Stavelot est une petite cité belge de la vallée de l'Amblève. Il s'y trouvait jadis une célèbre abbaye bénédictine fondée par Saint Remacle, dont ne subsistent plus aujourd'hui que certains bâtiments, encore très beaux, tel l'ancien réfectoire. Mais avant que ne débutent ses festivals, elle était beaucoup moins connue que la région voisine de Francorchamps, depuis longtemps internationalement réputée pour ses grandes courses automobiles.
En 1957, une famille de Stavelot créait une "semaine musicale" de musique de chambre, en hommage à Octave Micha, récemment décédé. Les initiateurs en étaient son fils Raymond, ses proches et ses amis, qui avaient choisi comme cadre l'ancien réfectoire de l'abbaye. En 1958, la semaine était devenue une quinzaine; la renommée des concerts ainsi que la beauté du site attirèrent un public de plus en plus nombreux, si bien que Raymond Micha décida d'instaurer une double audition de chaque concert et d'étendre la durée du festival à trois semaines.
En 1962, le festival devient plus important encore. On a bien l'impression que Grumiaux rêve de faire de Stavelot son "Prades". Il propose à la direction du festival de ne plus se limiter à un concert de temps en temps mais de s'associer à l'événement d'une manière plus constante et active. Il se fait fort d'obtenir un soutien financier de la part de sa maison de disques. De fait, au mois de mai, parvient à Stavelot un don de 10.000 florins. Alex Saron, l'un des directeurs artistiques de Philips, était intervenu auprès de la direction de la firme. Pour Stavelot, un associé aussi prestigieux que Grumiaux, qui apporte de surcroît une aide matérielle non négligeable, est une aubaine inespérée.
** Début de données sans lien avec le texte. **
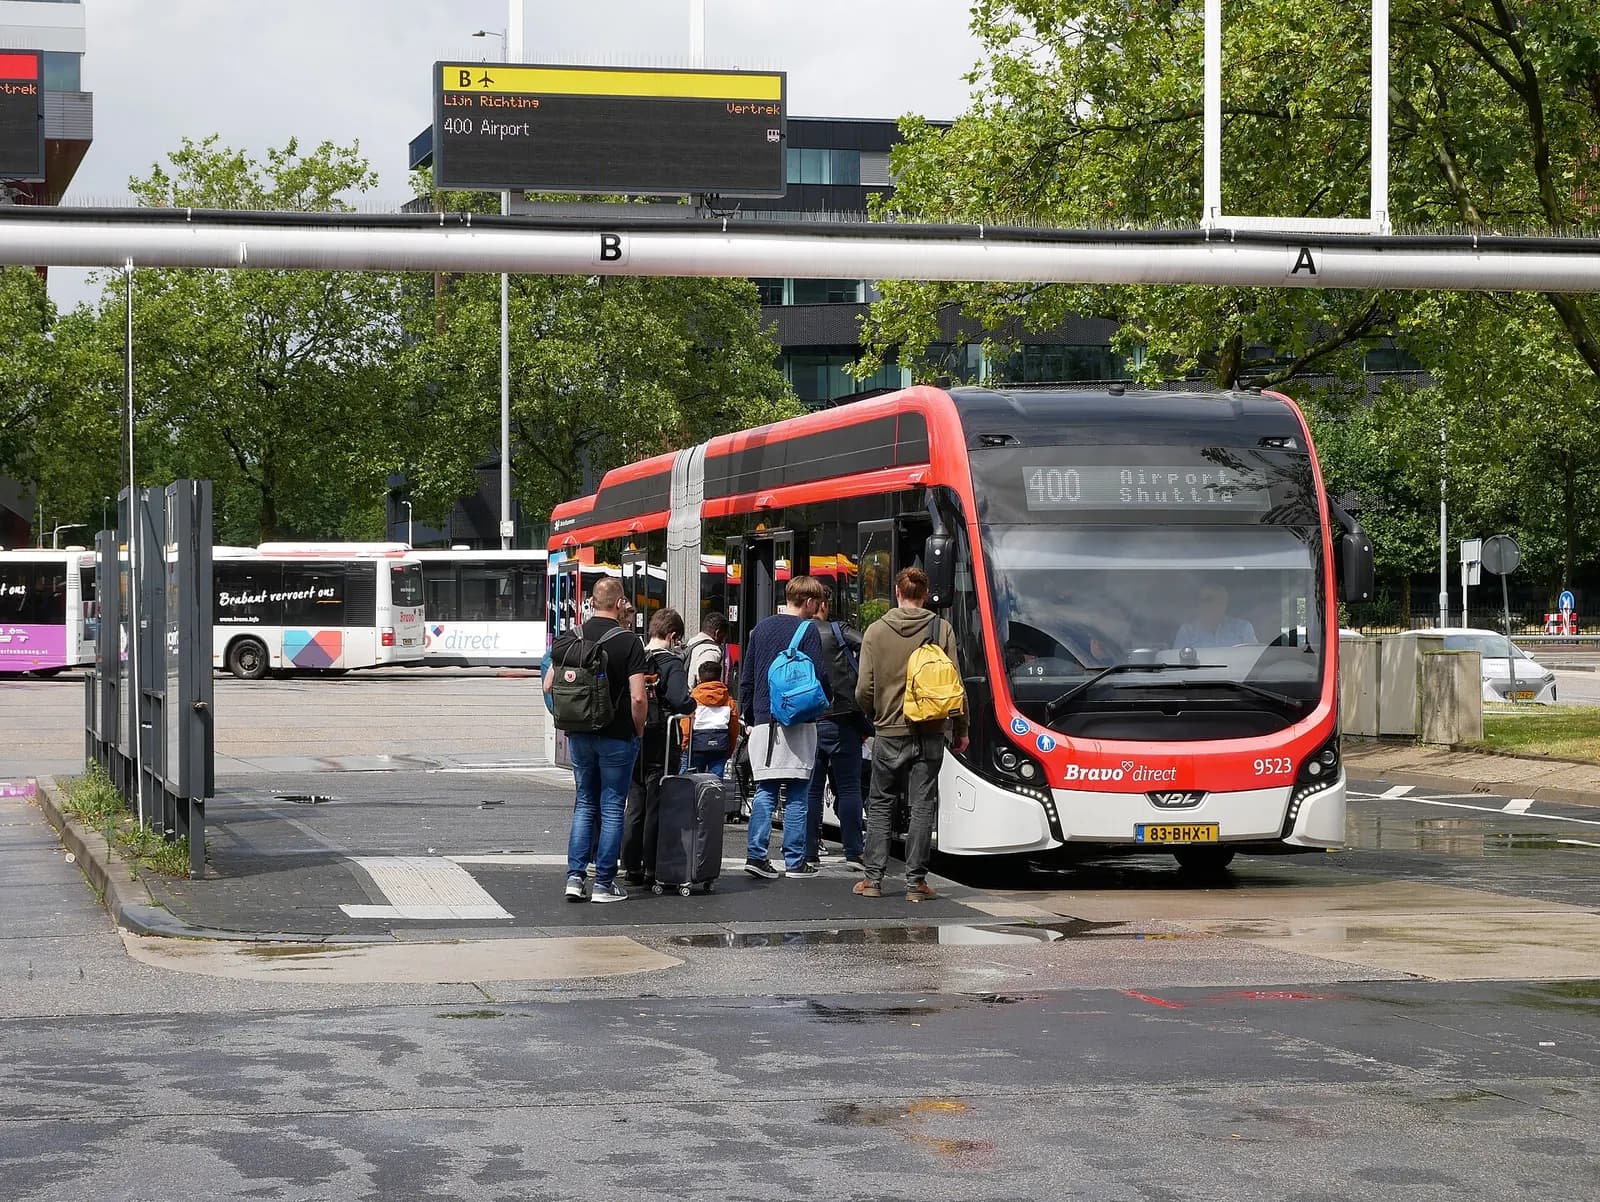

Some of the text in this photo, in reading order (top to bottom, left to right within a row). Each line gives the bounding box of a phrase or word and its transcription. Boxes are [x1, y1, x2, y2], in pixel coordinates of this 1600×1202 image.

[459, 70, 472, 87] B
[444, 94, 541, 108] Lijn Richting
[726, 103, 781, 115] Vertrek
[444, 117, 530, 140] 400 Airport
[600, 233, 622, 261] B
[1291, 247, 1317, 274] A
[1029, 468, 1231, 502] 400 Airport
[1119, 486, 1233, 503] Shuttle
[219, 585, 335, 607] Brabant vervoert ons
[445, 629, 500, 650] direct
[1063, 764, 1177, 782] Bravo direct
[1253, 757, 1293, 776] 9523
[1154, 793, 1198, 805] VDL
[1150, 827, 1211, 841] 83-BHX-1
Aussi, à partir de 1962, lui laisse-t-on programmer ses interventions quasiment à son gré et réaliser ainsi son rêve de "Prades du Nord".
Il est difficile de connaître les réflexions personnelles de Grumiaux quand il pense au festival de Stavelot. Tout ne s'est pas toujours réalisé comme il l'aurait voulu, il n'a pas toujours pu réunir les partenaires qu'il désirait, pour des raisons de maladies ou d'engagements, au moment où il les aurait voulu près de lui. Tout cela n'est pas pour lui plaire. Il est devenu assez exigeant et il s'exaspère facilement quand tout ne se réalise pas selon ses désirs. Il a toujours été un peu comme cela mais il semble que ces impatiences soient devenues plus sensibles dans les derniers temps. Les motifs de cette humeur ombrageuse ?
Sans nul doute, sa santé, qui se détériore quelque peu, et son affectivité, qui ne peut que s'amplifier à force de rechercher l'expression musicale. Il n'est pas aisé de se couper en deux...

 

Hommages

 

En 1972, le roi Baudouin confère à Arhur Grumiaux le titre nobiliaire de baron.
En 1977, il est fait citoyen d'honneur de son village natal, Villers-Perwin. Il a inauguré une plaque commémorative sur la façade de sa maison natale et a offert un concert qui a réuni plus de 500 personnes dans la petite église du village.